(Entries taken from a collection)
*****

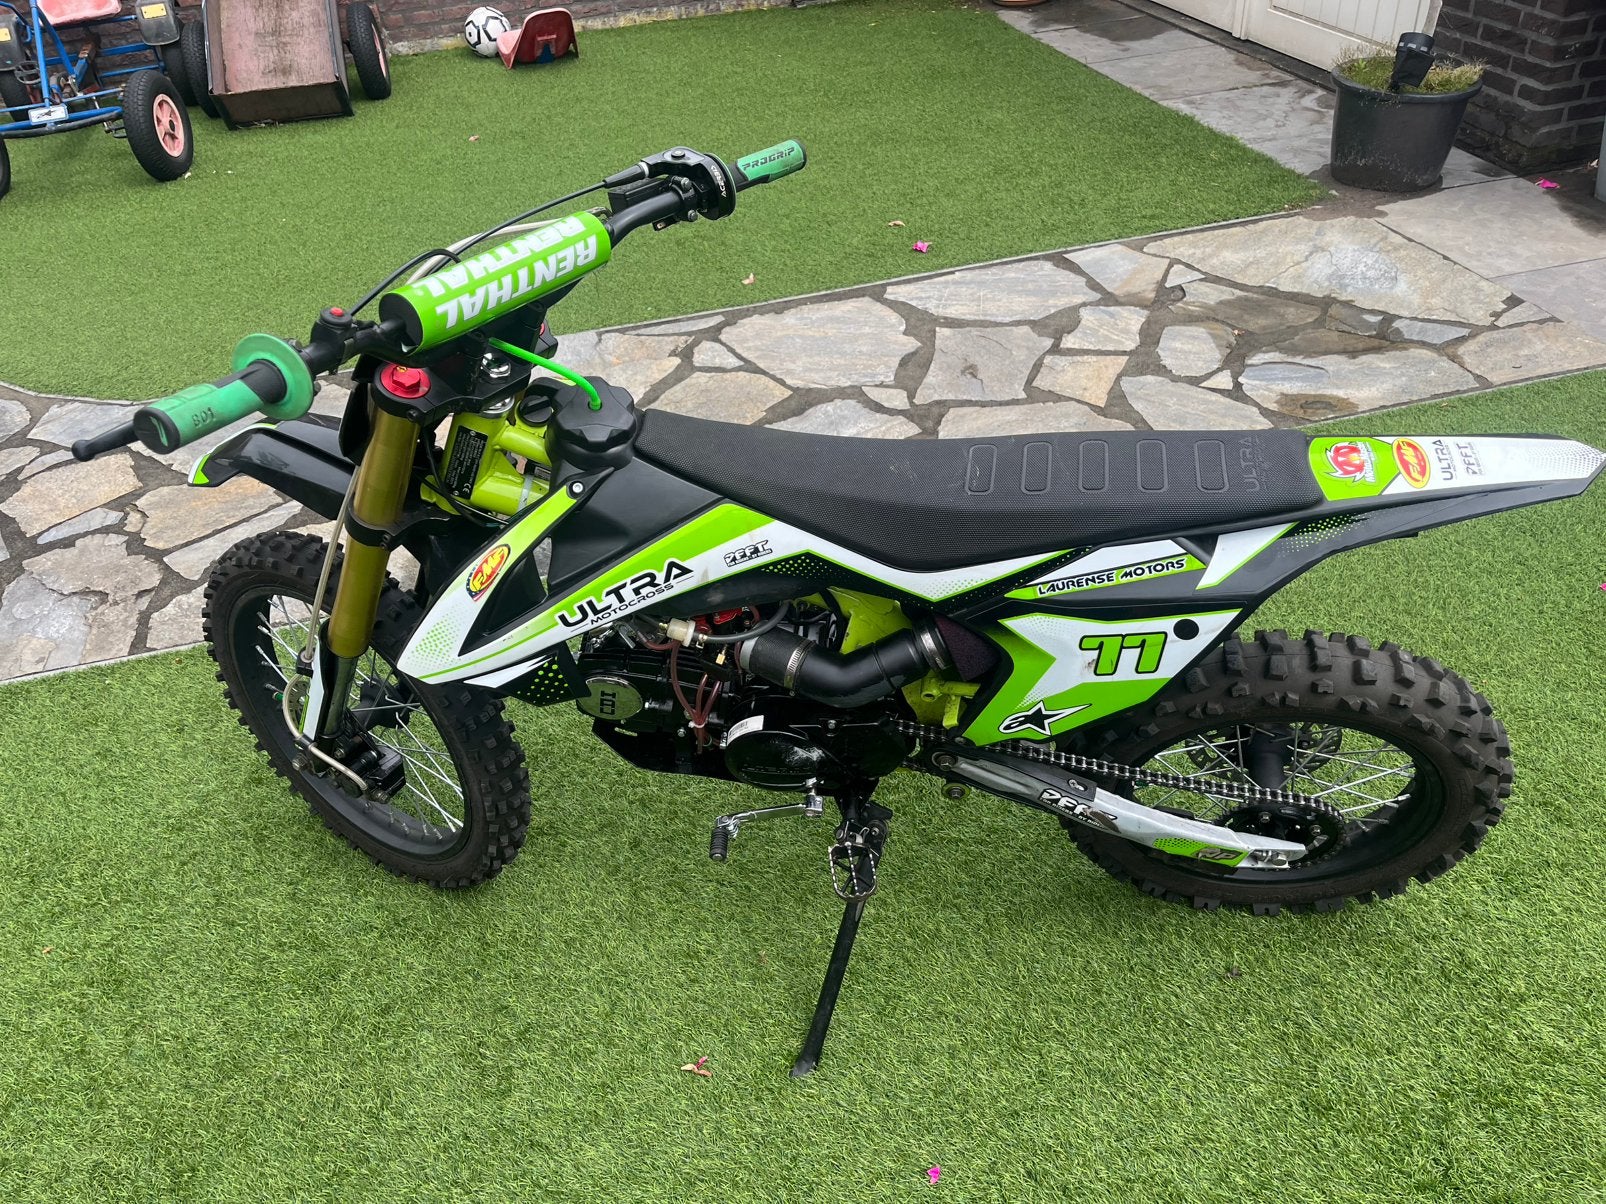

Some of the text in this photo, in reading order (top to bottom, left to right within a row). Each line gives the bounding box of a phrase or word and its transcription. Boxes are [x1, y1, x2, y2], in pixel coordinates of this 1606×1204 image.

[435, 234, 598, 329] RENTHAL
[1432, 439, 1454, 481] ULTRA
[471, 548, 505, 591] FMF
[1038, 559, 1186, 596] LAURENSE MOTORS
[557, 560, 694, 628] ULTRA
[590, 583, 675, 625] MOTOCROSS
[1079, 631, 1168, 676] 77
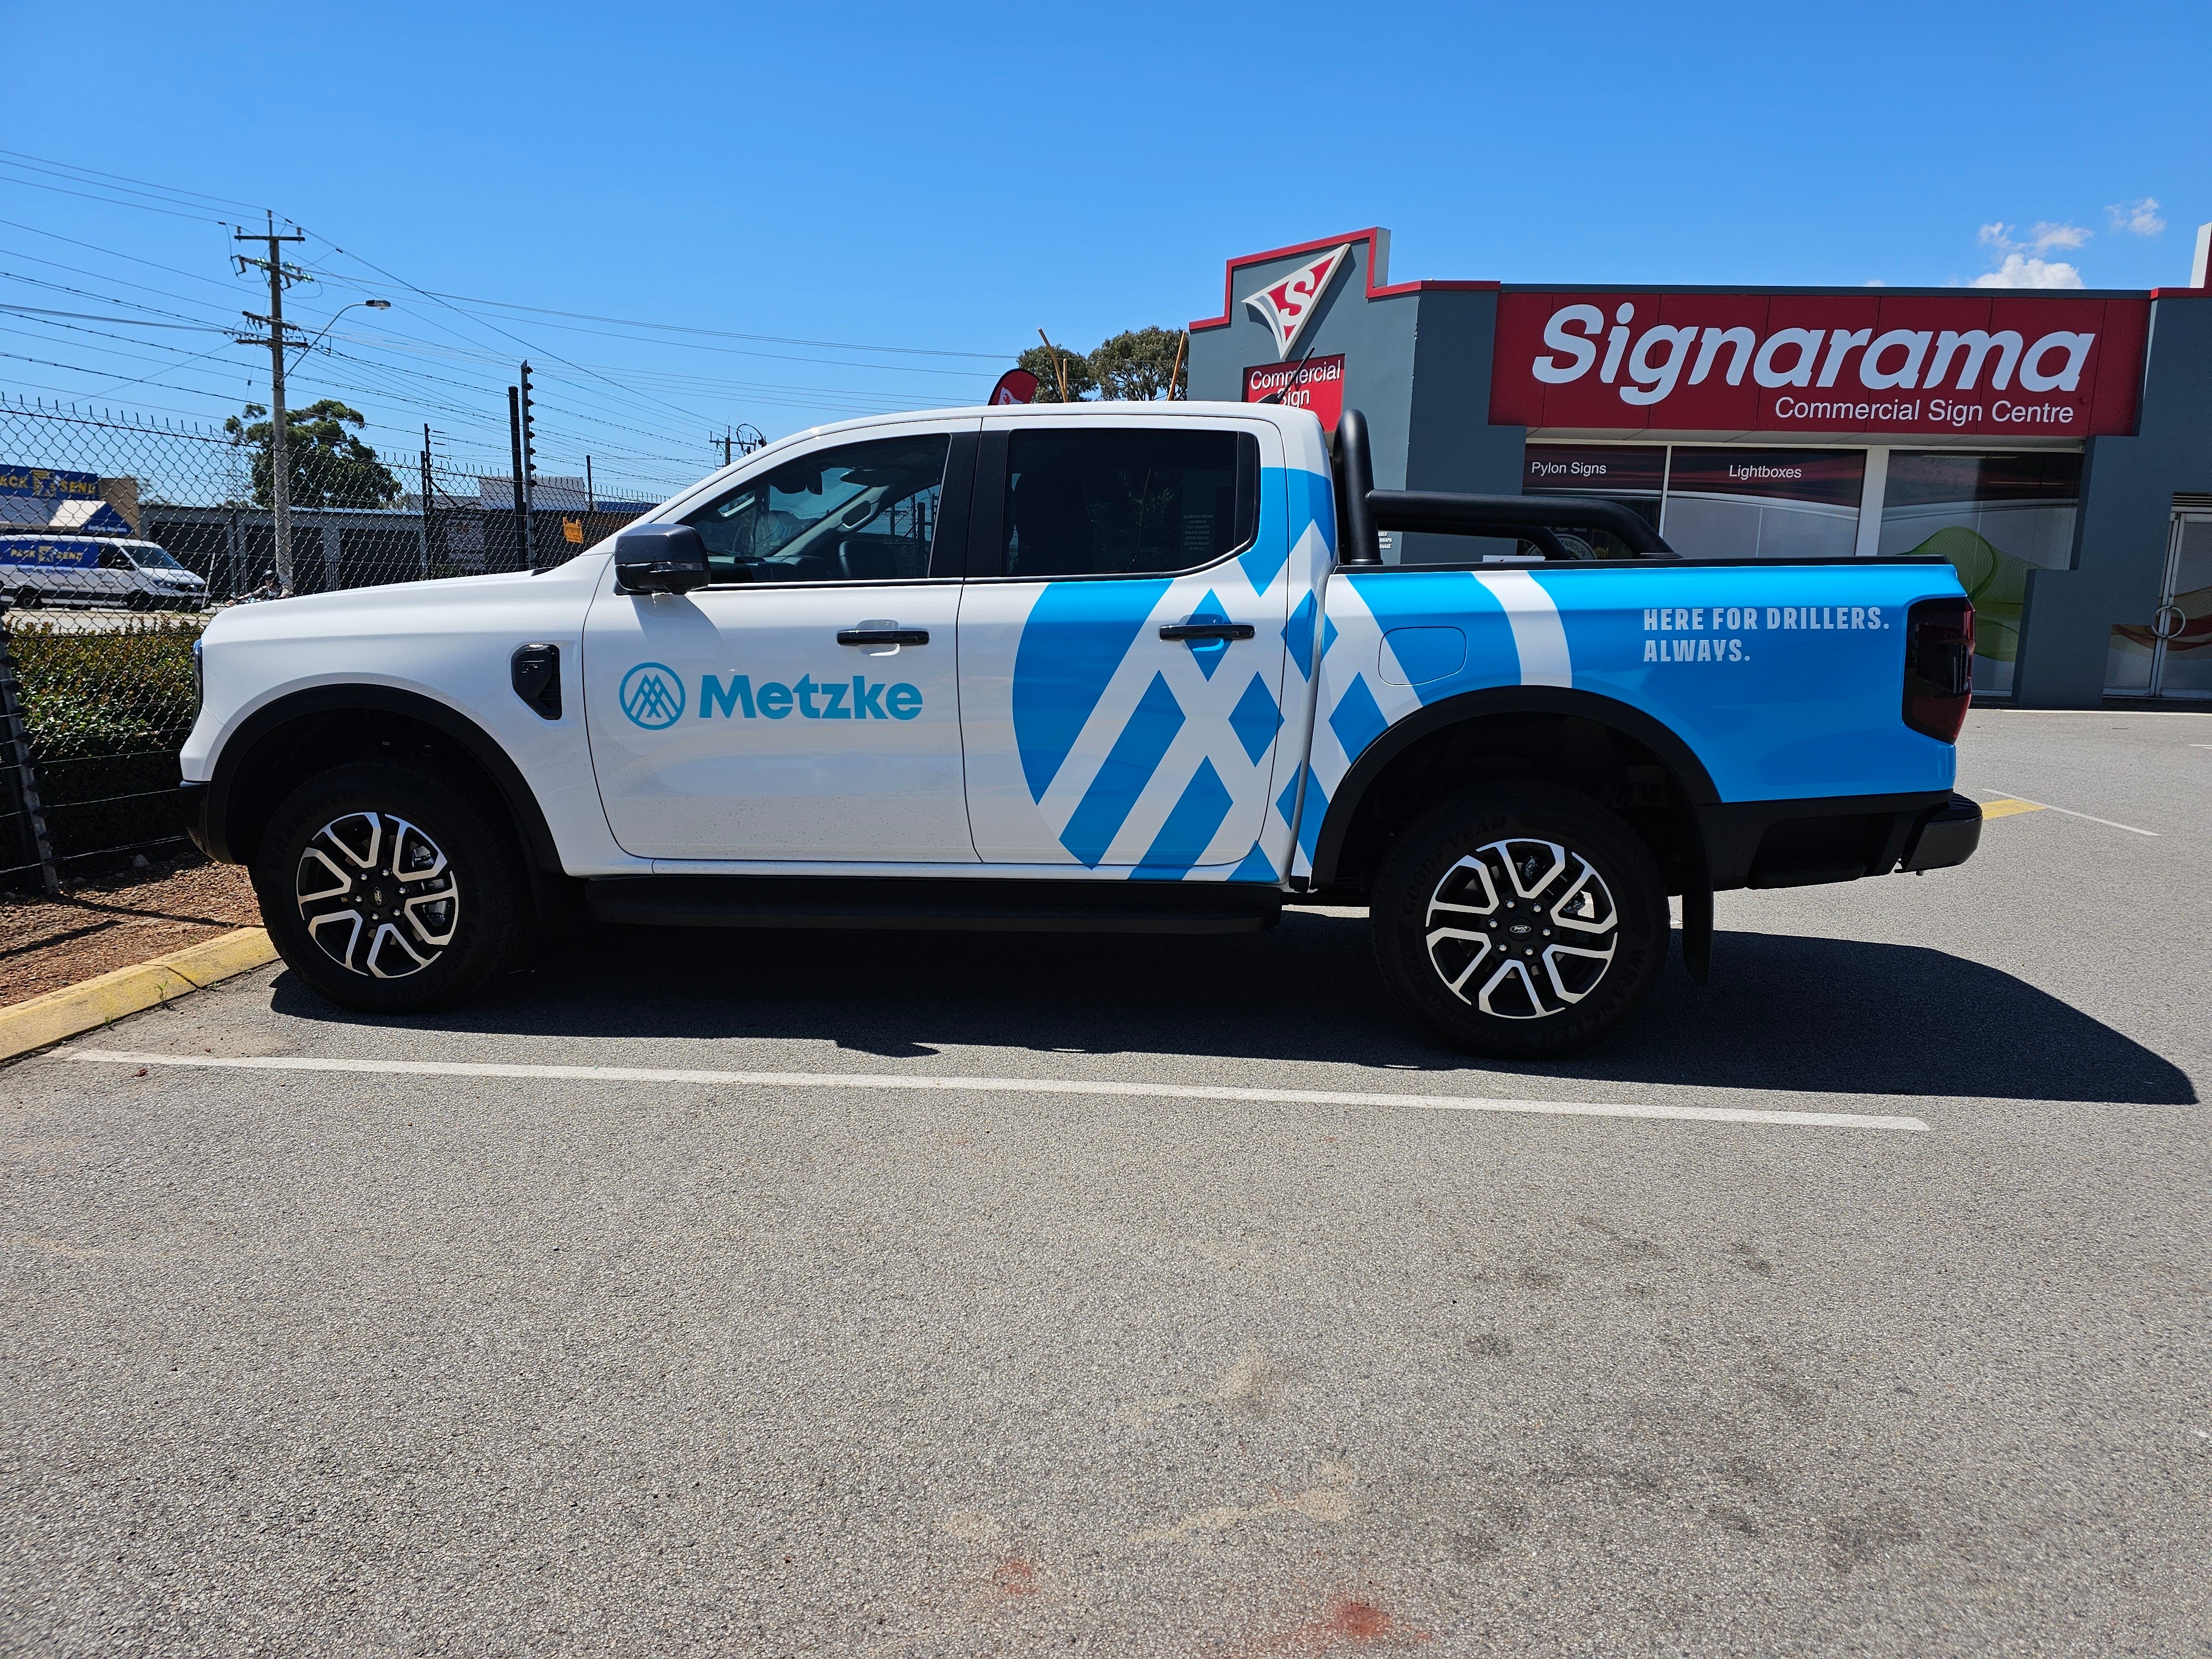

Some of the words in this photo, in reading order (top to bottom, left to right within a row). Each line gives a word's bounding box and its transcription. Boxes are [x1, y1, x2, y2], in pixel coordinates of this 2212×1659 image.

*****

**Work instruction**
What you give back must match the entries exactly, apart from the omitted pictures.

**Solution for this problem**
Some of the text in this photo, in reading order (top to bottom, left to right within a row). Each line gives the bounding box of a phrase or word and its transcription. Boxes are [x1, y1, x2, y2], in pixel coordinates of this 1606×1204 image.

[435, 234, 598, 329] RENTHAL
[1432, 439, 1454, 481] ULTRA
[471, 548, 505, 591] FMF
[1038, 559, 1186, 596] LAURENSE MOTORS
[557, 560, 694, 628] ULTRA
[590, 583, 675, 625] MOTOCROSS
[1079, 631, 1168, 676] 77

Some of the words in this photo, in reading order (top to bottom, left to right within a row). Each line gives a word's bounding box and its transcription. Boxes are [x1, y1, x2, y2], in pixel coordinates of this 2212×1659 image.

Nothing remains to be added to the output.